[[ Supplied material open ]]

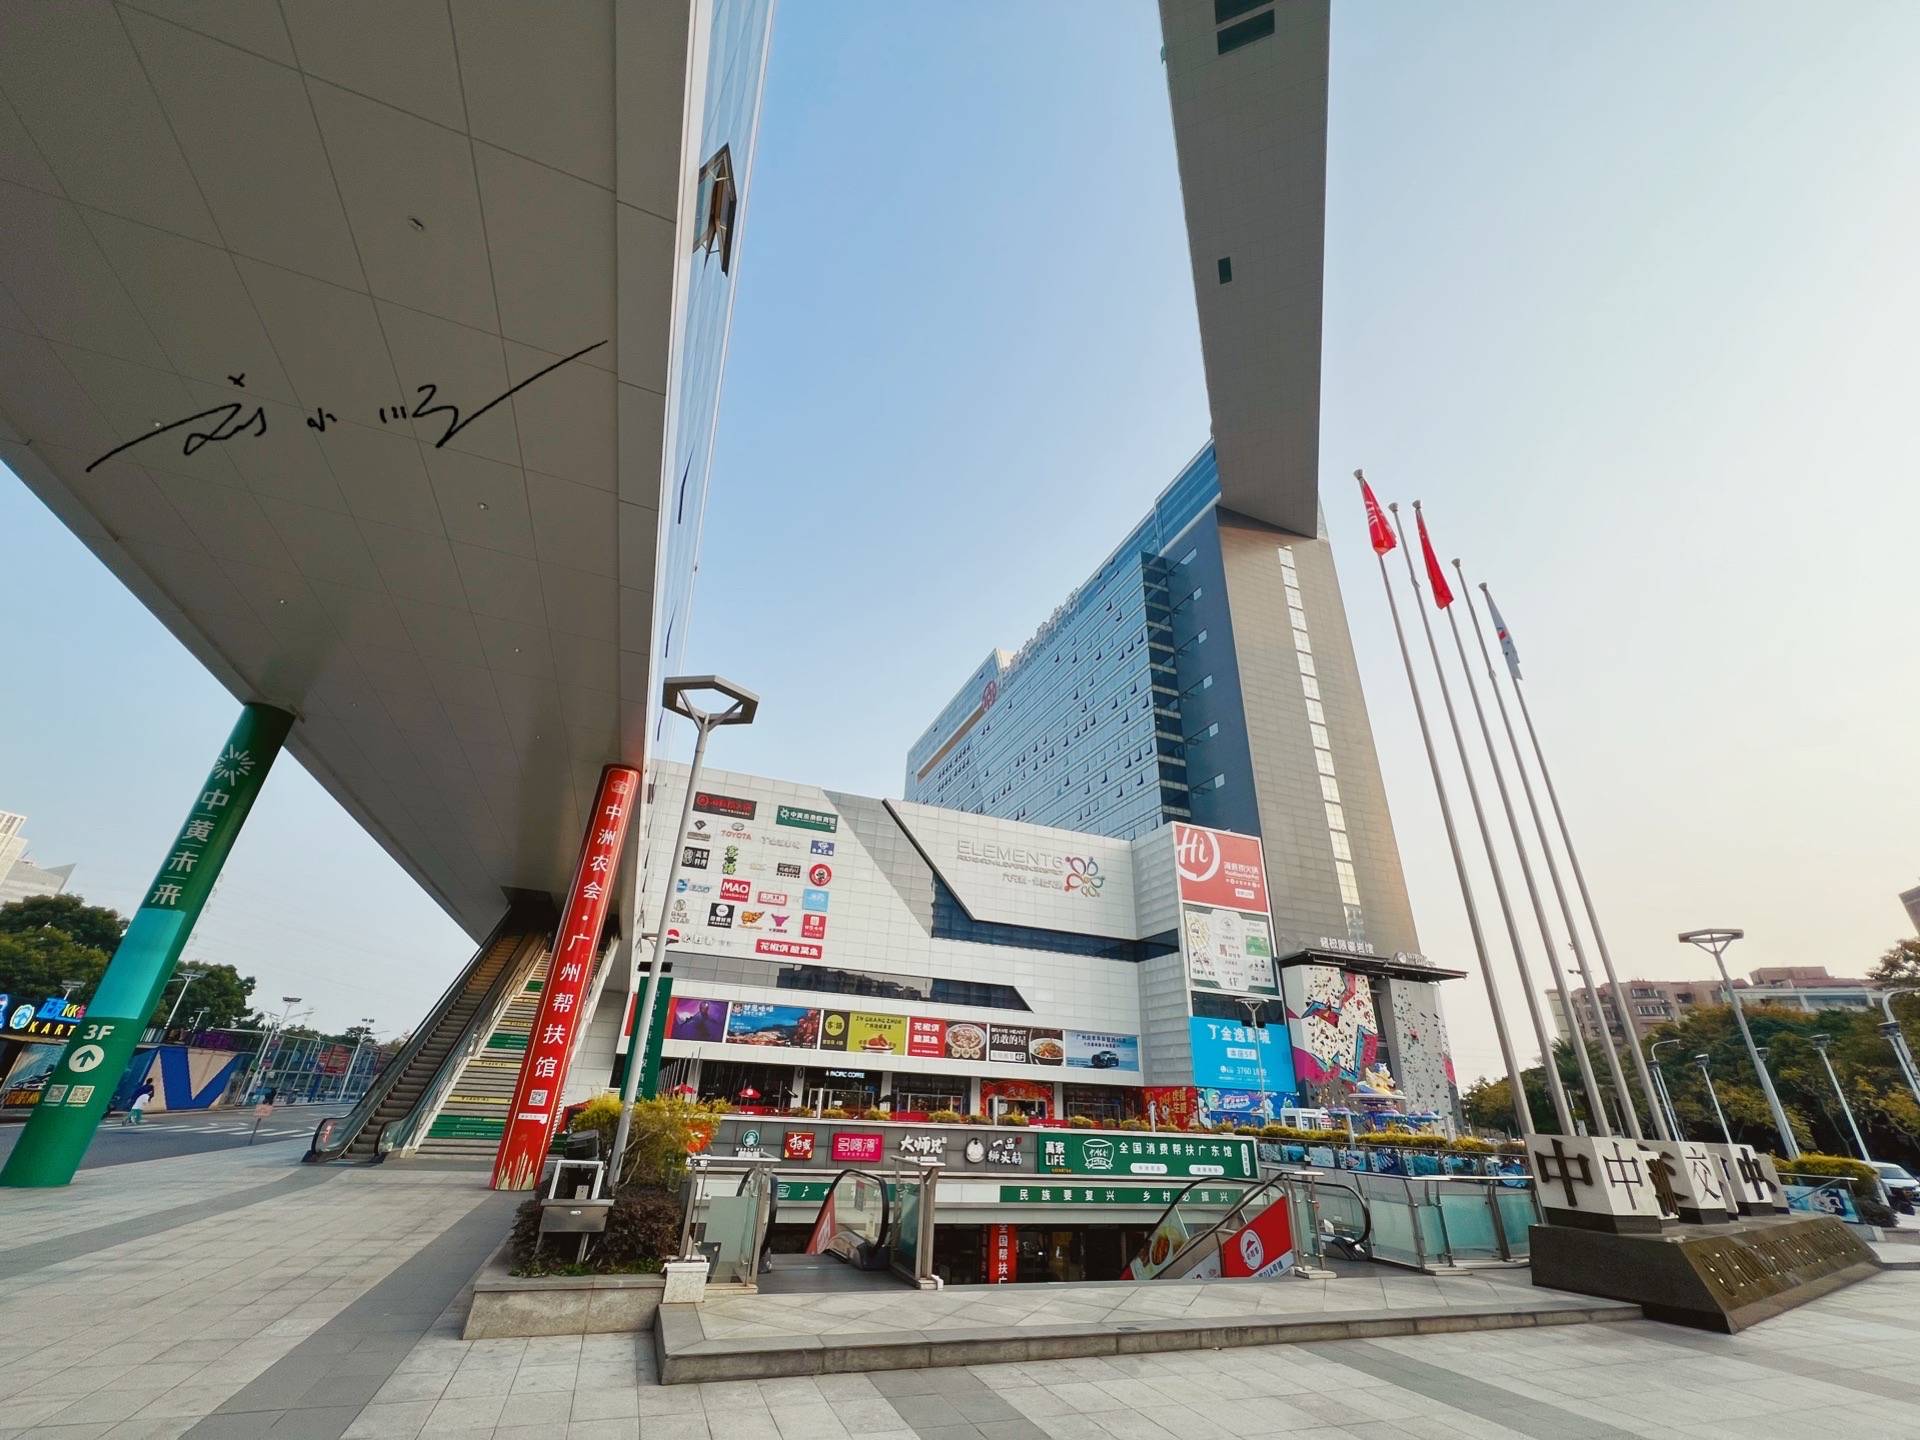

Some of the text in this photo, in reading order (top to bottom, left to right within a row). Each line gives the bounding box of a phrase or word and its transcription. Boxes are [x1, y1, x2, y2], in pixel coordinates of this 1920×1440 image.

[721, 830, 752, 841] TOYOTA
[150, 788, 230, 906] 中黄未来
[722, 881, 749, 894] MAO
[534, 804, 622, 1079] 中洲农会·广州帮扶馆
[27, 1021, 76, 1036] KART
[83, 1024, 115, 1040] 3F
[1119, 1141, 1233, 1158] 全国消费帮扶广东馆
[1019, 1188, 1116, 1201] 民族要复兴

[[ Supplied material closed ]]

What to produce — Without including any picture, repeat the data exactly.

Solution to this exercise —
Some of the text in this photo, in reading order (top to bottom, left to right within a row). Each line gives the bounding box of a phrase or word and its transcription. Boxes are [x1, y1, x2, y2], in pixel coordinates of this 1920×1440 image.

[721, 830, 752, 841] TOYOTA
[150, 788, 230, 906] 中黄未来
[722, 881, 749, 894] MAO
[534, 804, 622, 1079] 中洲农会·广州帮扶馆
[27, 1021, 76, 1036] KART
[83, 1024, 115, 1040] 3F
[1119, 1141, 1233, 1158] 全国消费帮扶广东馆
[1019, 1188, 1116, 1201] 民族要复兴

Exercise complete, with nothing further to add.